Early on, Simpson describes the book she didn’t write: “a motivational manual telling you how to live your best life.” Though having committed to the lucrative deal years before, she “walked away,” fearing any sort of self-help advice she might give would be hypocritical. Outwardly, Simpson was at the peak of her success, with her fashion line generating “one billion dollars in annual sales.” However, anxiety was getting the better of her, and she admits she’d become a “feelings addict,” just needing “enough noise to distract me from the pain I’d been avoiding since childhood. The demons of traumatic abuse that refused to let me sleep at night—Tylenol PM at age twelve, red wine and Ambien as a grown, scared woman.

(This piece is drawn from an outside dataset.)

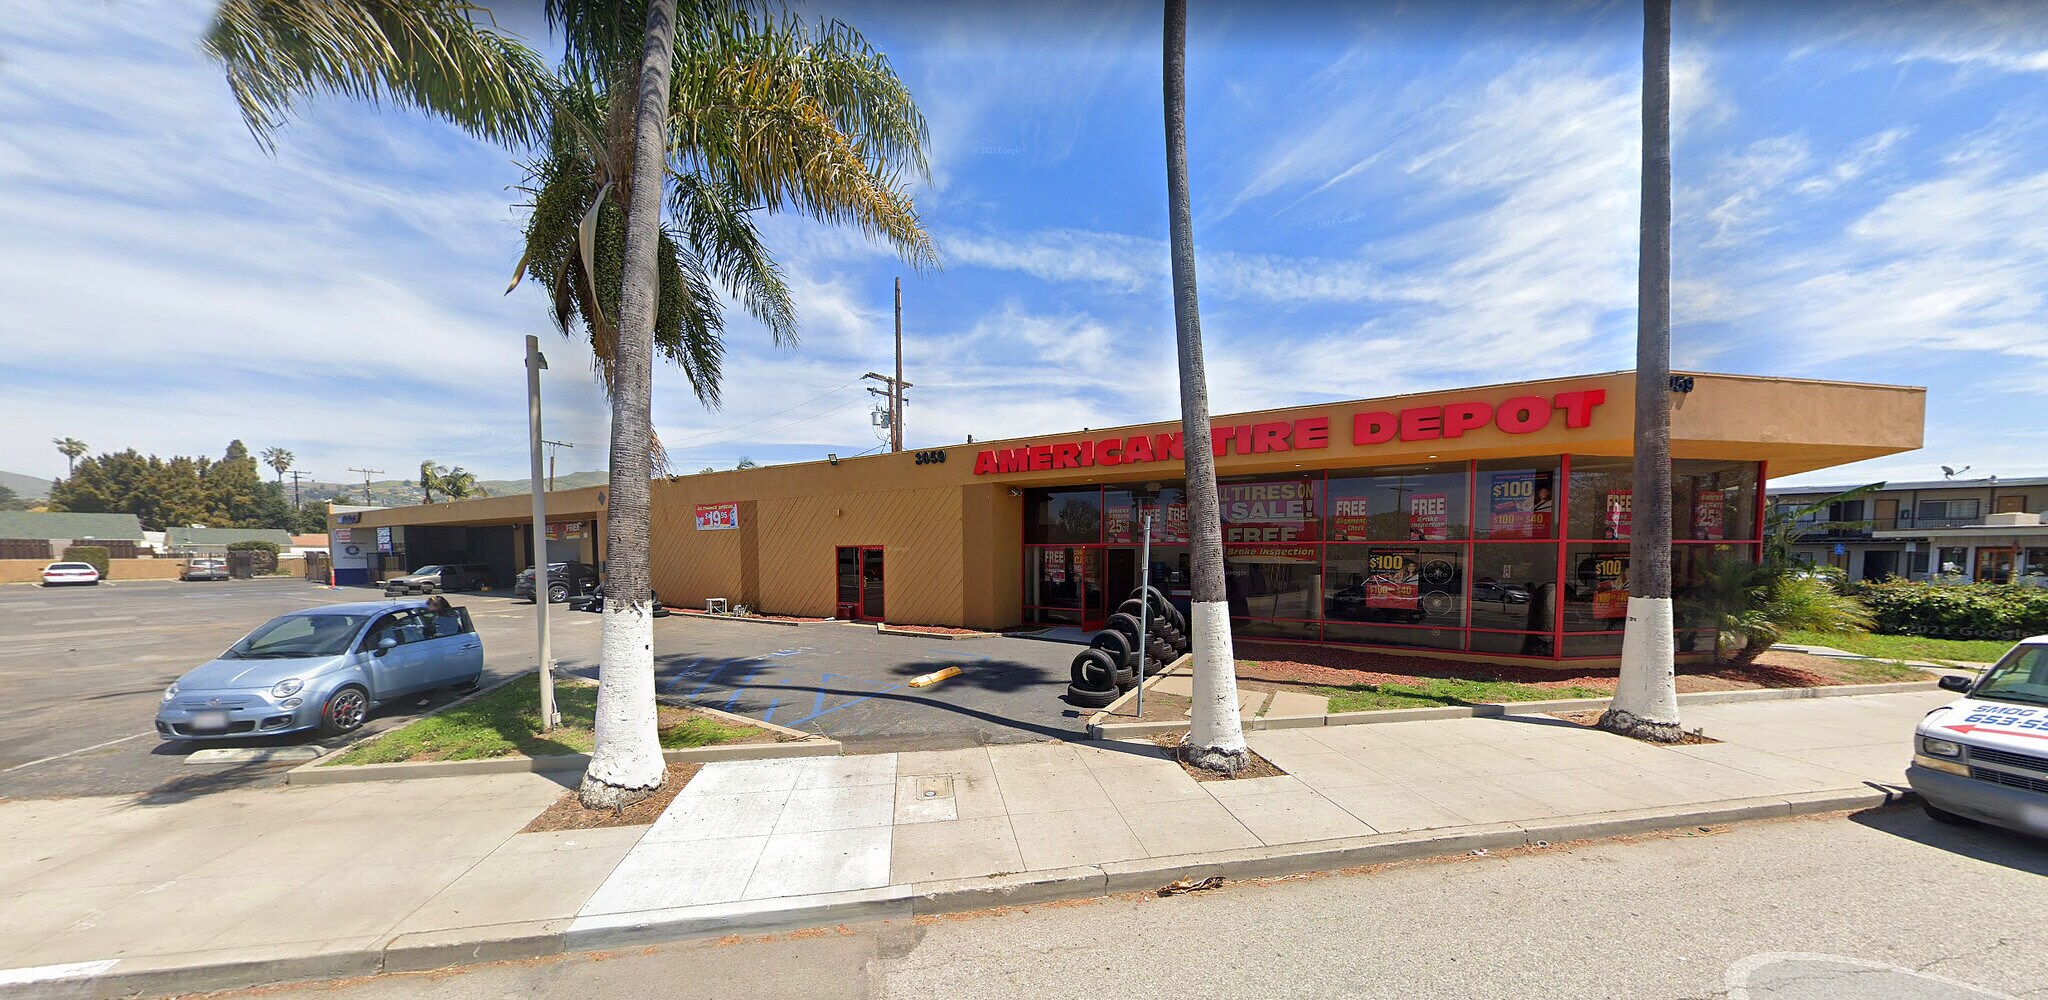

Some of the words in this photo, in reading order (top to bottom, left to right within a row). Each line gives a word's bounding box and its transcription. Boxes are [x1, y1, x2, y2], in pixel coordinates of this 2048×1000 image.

Those same demons who perched on my shoulder, and when they saw a man as dark as them, leaned in to my ear to whisper, ‘Just give him your light. See if it saves him…’ ” On Halloween 2017, Simpson hit rock bottom, and, with the intervention of her devoted friends and husband, began to address her addictions and underlying fears. In this readable but overlong narrative, the author traces her childhood as a Baptist preacher’s daughter moving 18 times before she “hit fifth grade,” and follows her remarkable rise to fame as a singer. She reveals the psychological trauma resulting from years of sexual abuse by a family friend, experiences that drew her repeatedly into bad relationships with men, most publicly with ex-husband Nick Lachey. Admitting that she was attracted to the validating power of an audience, Simpson analyzes how her failings and triumphs have enabled her to take control of her life, even as she was hounded by the press and various music and movie executives about her weight. Simpson’s memoir contains plenty of personal and professional moments for fans to savor.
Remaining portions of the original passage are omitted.